序文
 

 non-coding RNA の一種であるmicroRNA は,生命現象の微調整役として多くの遺伝子やタンパク質の発現制御に関与している。これまでのmicroRNA の発現解析では,主に細胞・組織内のmicroRNA が対象とされてきた。それらの研究が示すものは,microRNA の発現異常を補正することが新たな疾患治療に貢献する可能性である。がんなどの多くの疾患では,特定のmicroRNA のコピー数が上昇したり低下したりするため,補充療法やアンタゴニストなどによる抑制療法が治療戦略としては可能である。最近,欧州の企業によるLNA(locked nucleic acid)誘導体を利用したmiRNA-122 の阻害剤を使ったC 型肝炎患者に対する臨床試験フェーズ2 は良好な成績を収めるなど,microRNA を対象にした医薬品開発も目覚ましい進展をみせている。さらに最近になって,細胞外に分泌されるmicroRNA(分泌型microRNA)に注目が集まるようになった。分泌型microRNA は体液中を循環するが,エクソソームのようなナノサイズの小胞顆粒に包埋されたり,特定のタンパク質と結合した形態で分泌されるため,多くの消化酵素が存在する血漿・血清中でも安定である。特にがんをはじめとする疾患の病態やステージなど,ヒトの生理状態によってその発現量や種類が大きく変化するため,血液などの体液を利用した非浸襲的な診断用バイオマーカーとして開発されようとしている。こればかりではなく,分泌されたmicroRNA は周囲の細胞へと到達し,何らかのシステムで取り込まれた後,内包されたmicroRNAs が受容細胞中で機能するらしい事実も次々と明らかになってきた。こうした発見は,特にがん細胞の転移のメカニズムにわれわれがこれまで知り得なかった策略が秘められていたことを物語る現象として興味深い。microRNA が内包されていたことに端を発して,エクソソーム研究が再燃し,新しい潮流として世界中を湧かせており,ISEV という研究組織が本格的に動き出したことも2012 年の特筆すべき事象である。

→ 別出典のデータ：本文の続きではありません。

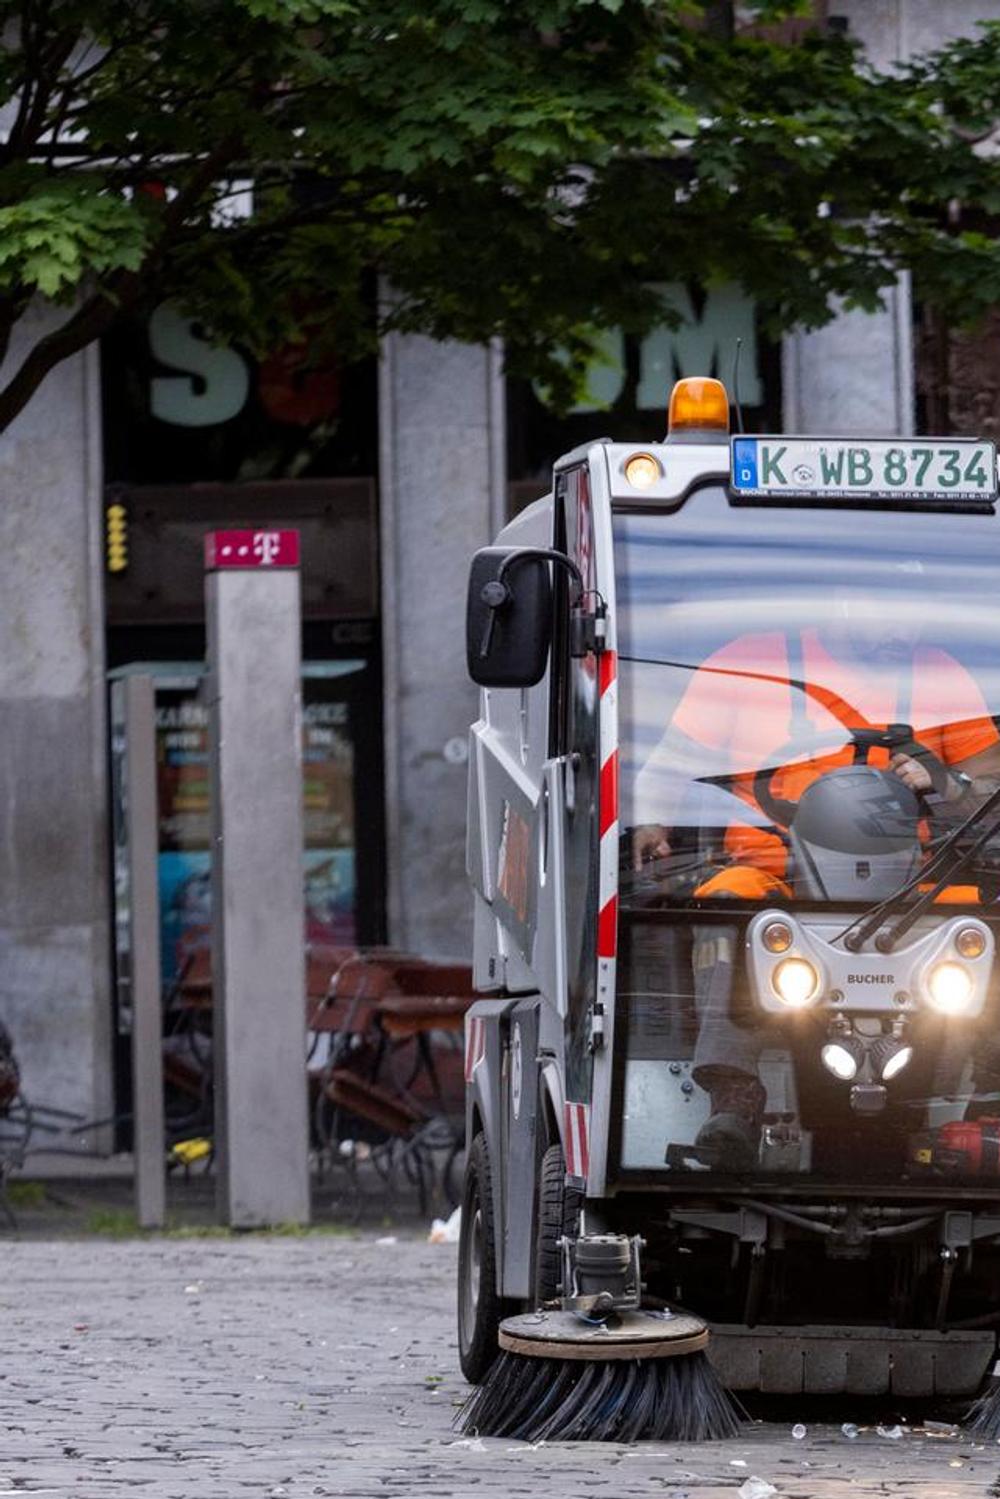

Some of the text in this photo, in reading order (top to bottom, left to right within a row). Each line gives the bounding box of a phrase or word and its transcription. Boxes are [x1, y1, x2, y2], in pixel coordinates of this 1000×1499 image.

[761, 446, 988, 487] K WB 8734
[741, 470, 752, 481] D
[847, 974, 895, 984] BUCHER

 本特集では,microRNA がもたらすメガインパクトを,この領域の第一線の研究者らによって,疾患の診断と治療の両面から徹底的に分析していただく機会を得た。国内においても,核酸医薬に真正面から取り組む企業が出現するなどの明るい話題も豊富であり,これらの最前線の研究内容が,核酸医薬の新しい時代の幕開けとなり,疾患で苦しむ方々への光明となることを祈念する。